A “not very shy” lynx attracted some attention in Yellowknife Monday.
Kayle Wouters warned Facebook users about the animal around 9 a.m. when she saw it near the Shell gas station on Range Lake Road.
“No momma in sight, but it was not very shy,” she wrote. “Make sure your pets are safe!”
Daniel Bourke also described the cat as unbothered by humans. He saw the lynx crossing Franklin Avenue near Tommy Forrest Park around noon and snapped a photo of it padding up the driveway to the Avens: A Community for Seniors complex.
“We slammed on the brakes and it didn’t seem to care that vehicles were coming towards it,” he told Yellowknifer in a message Monday afternoon. “I was pretty amazed. I haven’t seen one up that close before.
“It was only a few feet from our vehicle.”
Avens CEO Daryl Dolynny said his staff contacted the Department of Environment and Natural Resources (ENR), which is the prevailing advice when wildlife is spotted within city limits.
“No injury or harm came to the animal, or to people in the area,” he wrote in an email. “AVENS personnel are aware and we are taking all the proper precautions on campus for safety.”
Another Facebook user took a short video of the lynx on the Frame Lake trail.
Lynx prey on small game
No one called police to complain, according to RCMP spokesperson Kristine McAuley.

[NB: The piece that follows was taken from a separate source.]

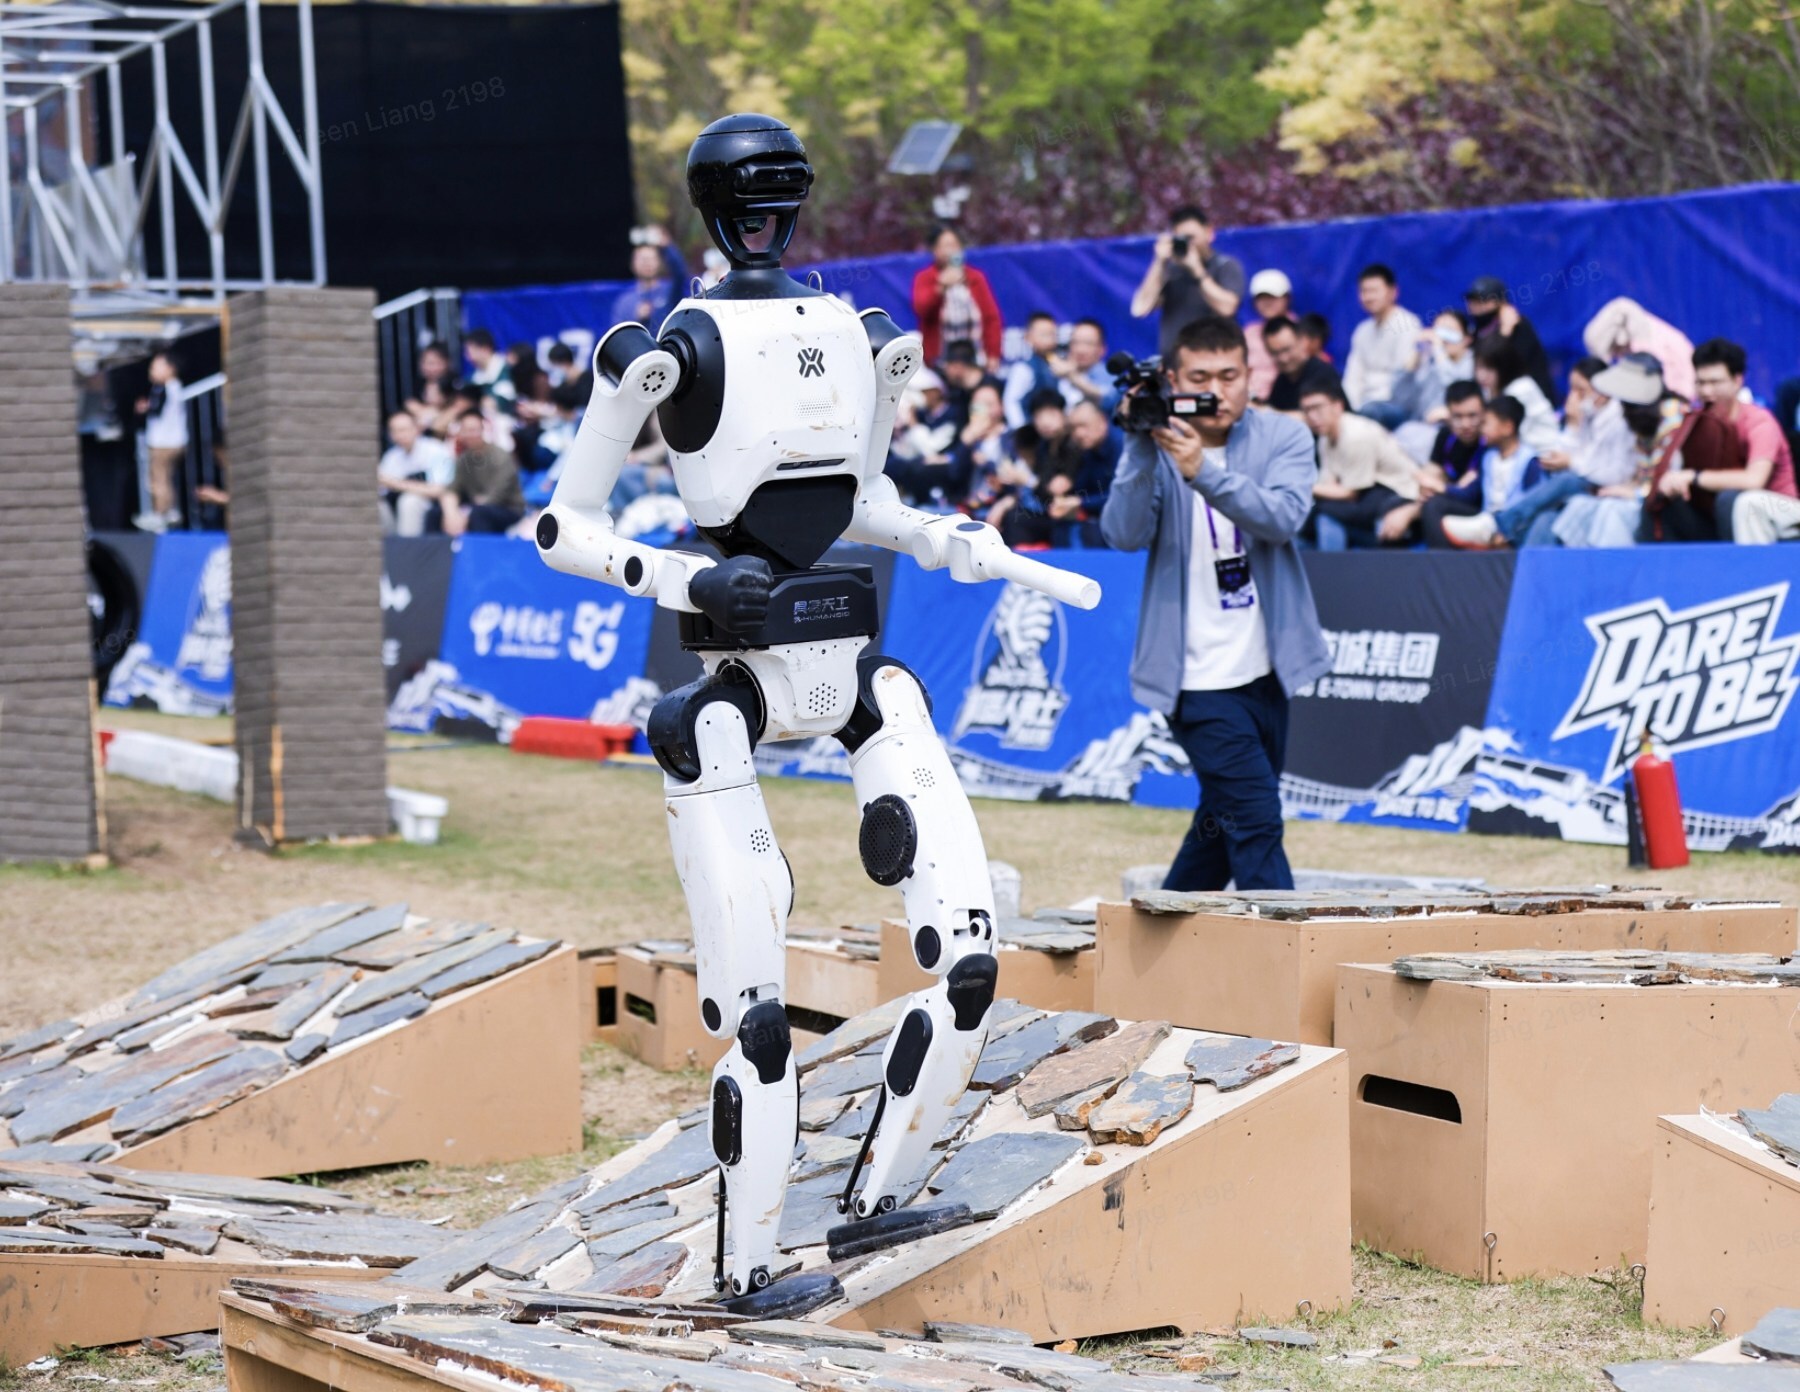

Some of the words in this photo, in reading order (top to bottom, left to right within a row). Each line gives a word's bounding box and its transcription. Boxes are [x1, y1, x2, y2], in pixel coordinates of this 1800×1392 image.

[1580, 600, 1773, 717] DARE
[1622, 672, 1702, 756] TO
[1692, 650, 1793, 735] BE

Likewise for municipal enforcement, according to city spokesperson Alison Harrower.
Harrower advises Yellowknifers to report wildlife sightings to ENR as Avens staff did by calling 1-867-873-7181.

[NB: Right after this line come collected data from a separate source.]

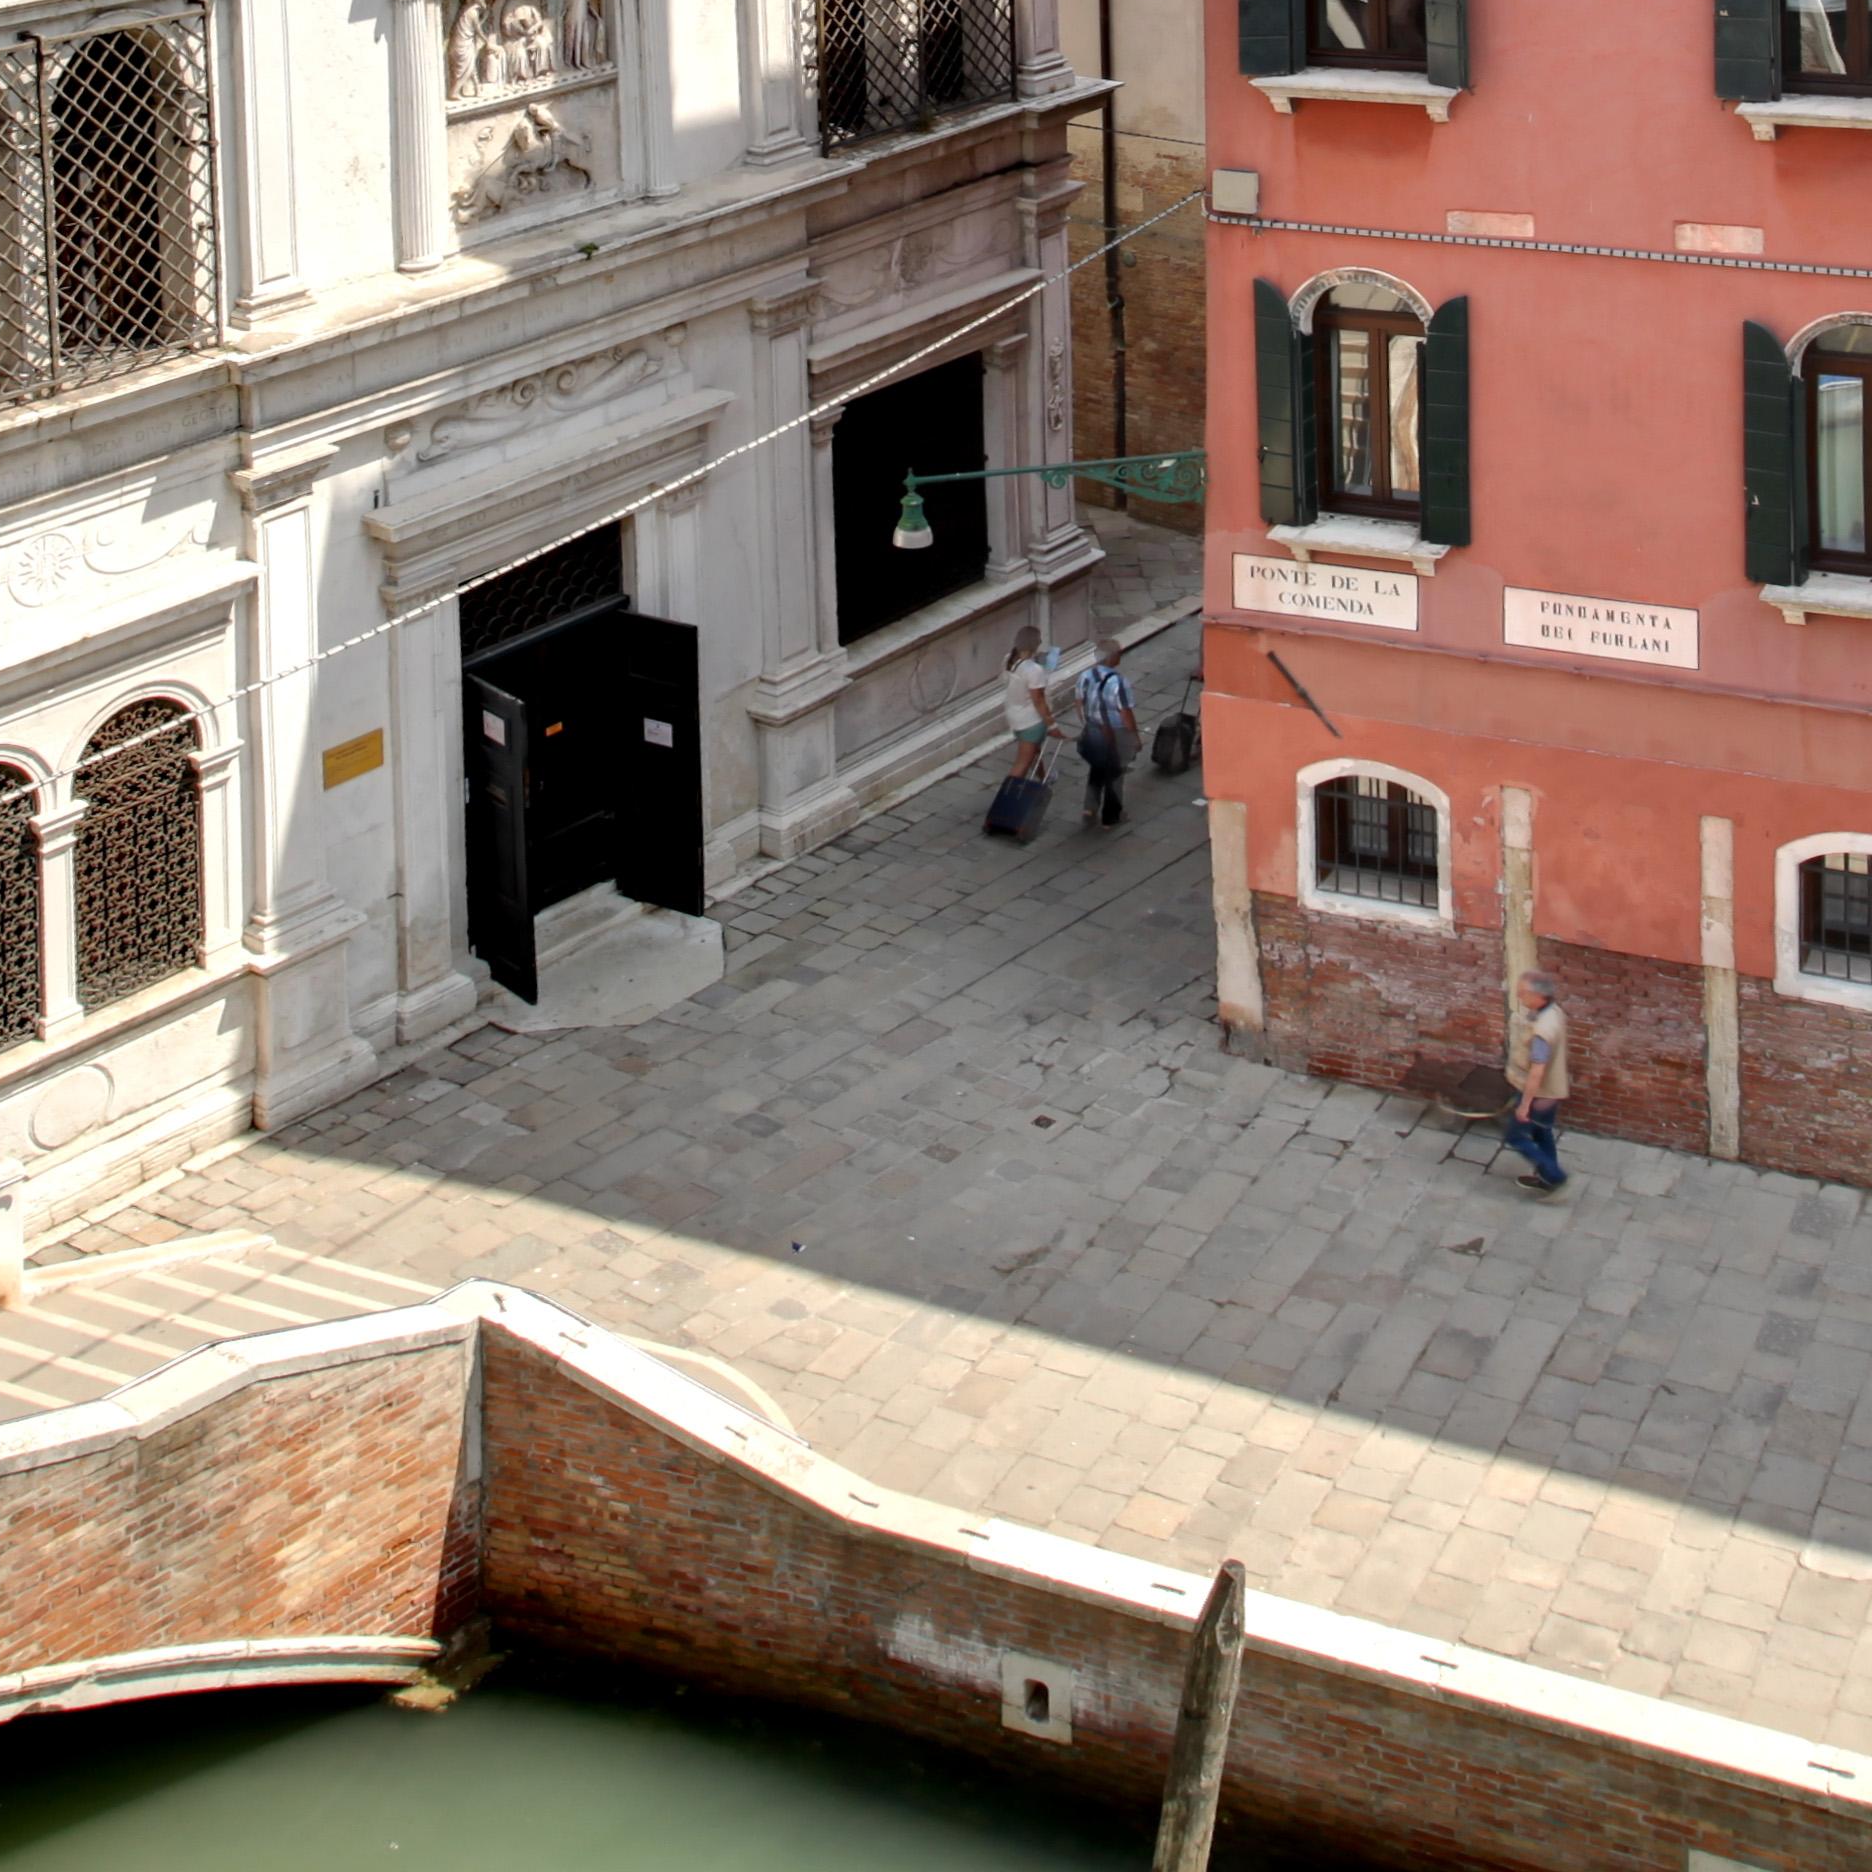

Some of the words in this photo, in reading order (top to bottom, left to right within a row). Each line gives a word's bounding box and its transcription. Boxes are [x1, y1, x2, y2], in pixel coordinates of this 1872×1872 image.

[1248, 564, 1317, 587] PONTE
[1331, 575, 1360, 592] DE
[1374, 579, 1401, 597] LA
[1278, 591, 1375, 616] COMENDA
[1540, 600, 1673, 630] FONDAMENTA
[1540, 624, 1573, 642] DEI
[1590, 631, 1671, 653] FURLANI

Department spokesperson Mike Westwick said lynx pose little risk to humans, but may pose some risk to pets. He confirmed ENR received a number of reports about the lynx Monday.
Lynx in Canada tend to depend on small game like rabbits as their main food source. They usually hunt at night.
“We would ask residents in the Yellowknife area to stay aware and be mindful of household pet safety,” he wrote in an email.
“If you do come across a lynx, the best thing to do is keep your distance – in rare cases, they may become more aggressive if they feel cornered or have been infected with rabies. Safety should always come first.”